• **Task prompt**
Your copy should match the entries exactly, with the pictures left out.

** Opening Given data block **

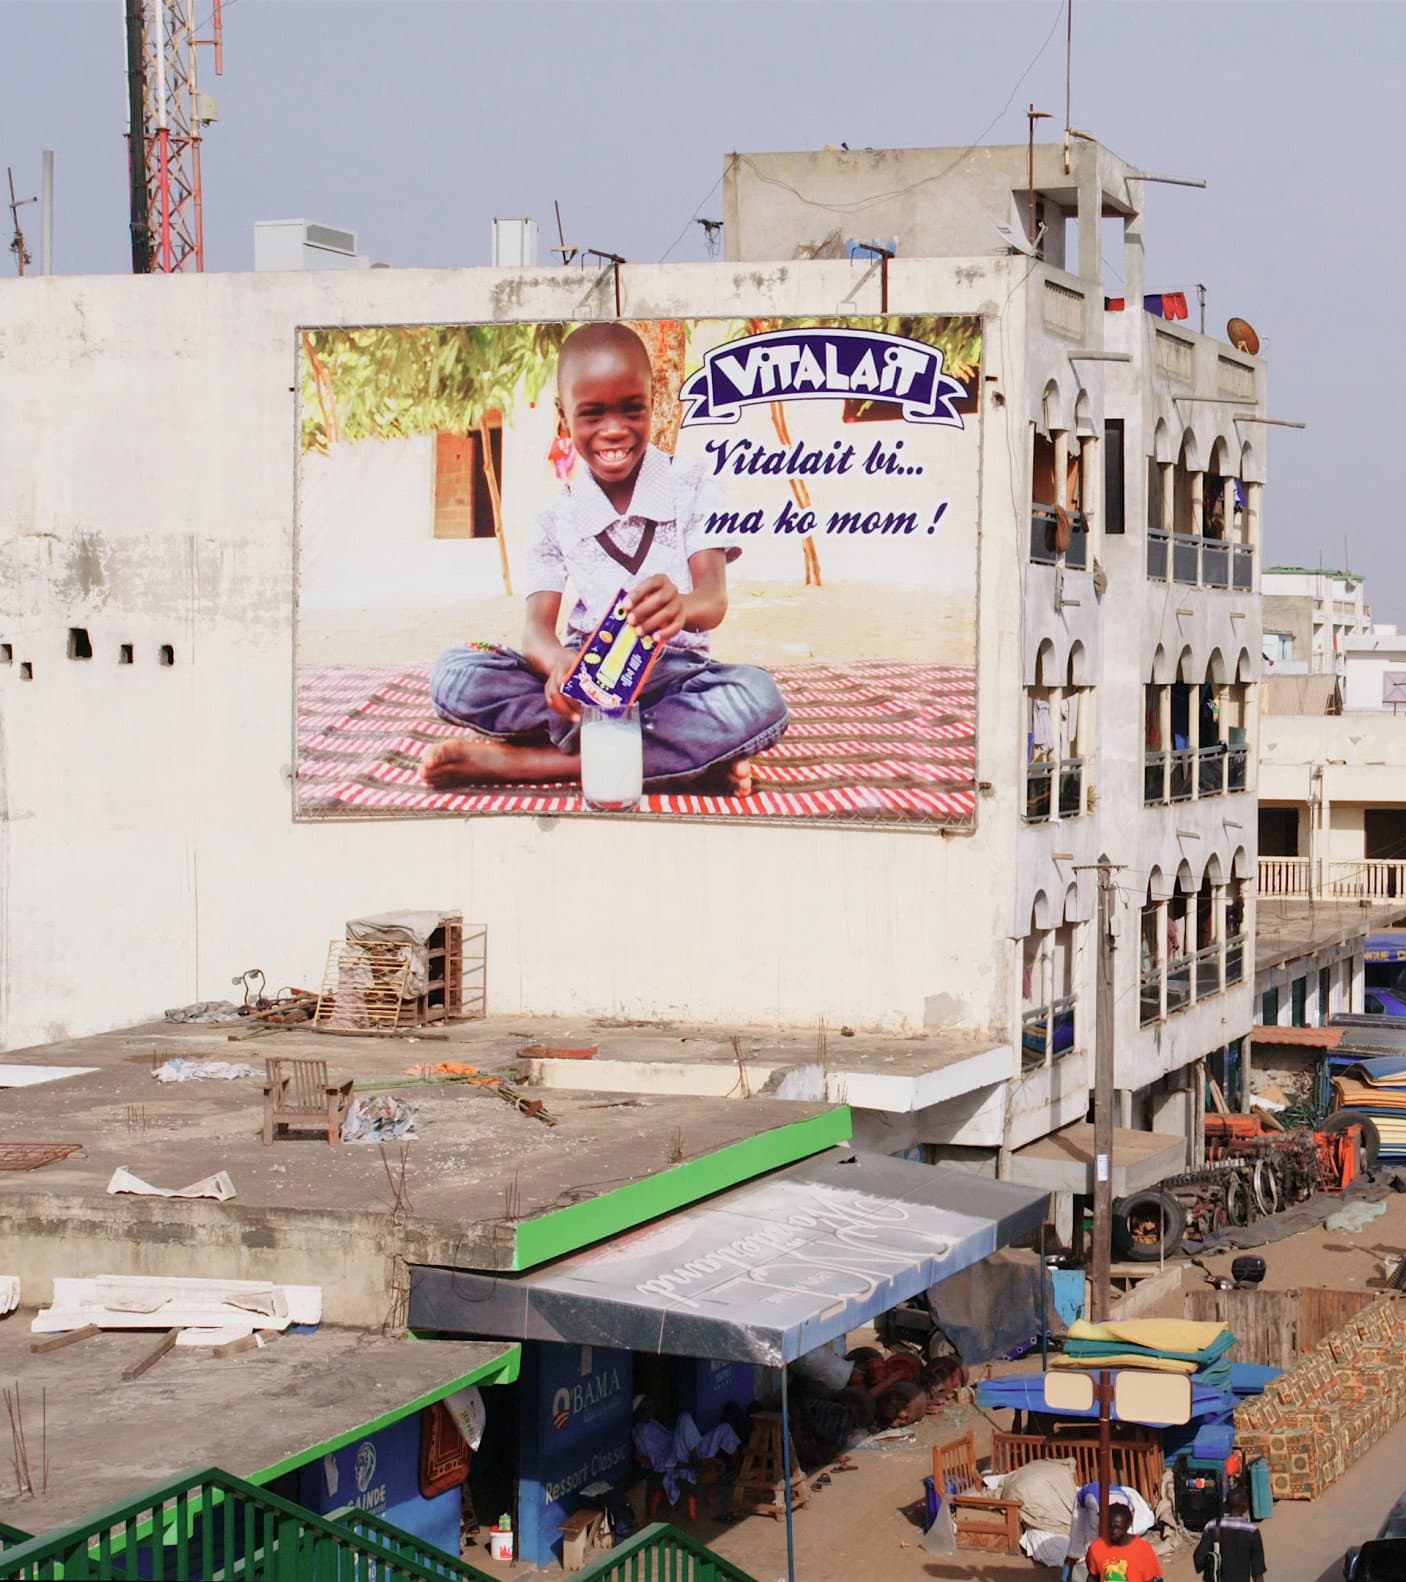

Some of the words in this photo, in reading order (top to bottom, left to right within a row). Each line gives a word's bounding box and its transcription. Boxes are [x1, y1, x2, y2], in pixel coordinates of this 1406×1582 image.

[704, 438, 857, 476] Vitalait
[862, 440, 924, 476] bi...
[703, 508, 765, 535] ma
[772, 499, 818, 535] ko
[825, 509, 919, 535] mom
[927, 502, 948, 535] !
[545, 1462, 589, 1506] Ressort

** Closing Given data block **

• **Response for this exercise**
Some of the words in this photo, in reading order (top to bottom, left to right within a row). Each line gives a word's bounding box and its transcription. Boxes are [x1, y1, x2, y2], in pixel coordinates of this 1406×1582 image.

[704, 438, 857, 476] Vitalait
[862, 440, 924, 476] bi...
[703, 508, 765, 535] ma
[772, 499, 818, 535] ko
[825, 509, 919, 535] mom
[927, 502, 948, 535] !
[545, 1462, 589, 1506] Ressort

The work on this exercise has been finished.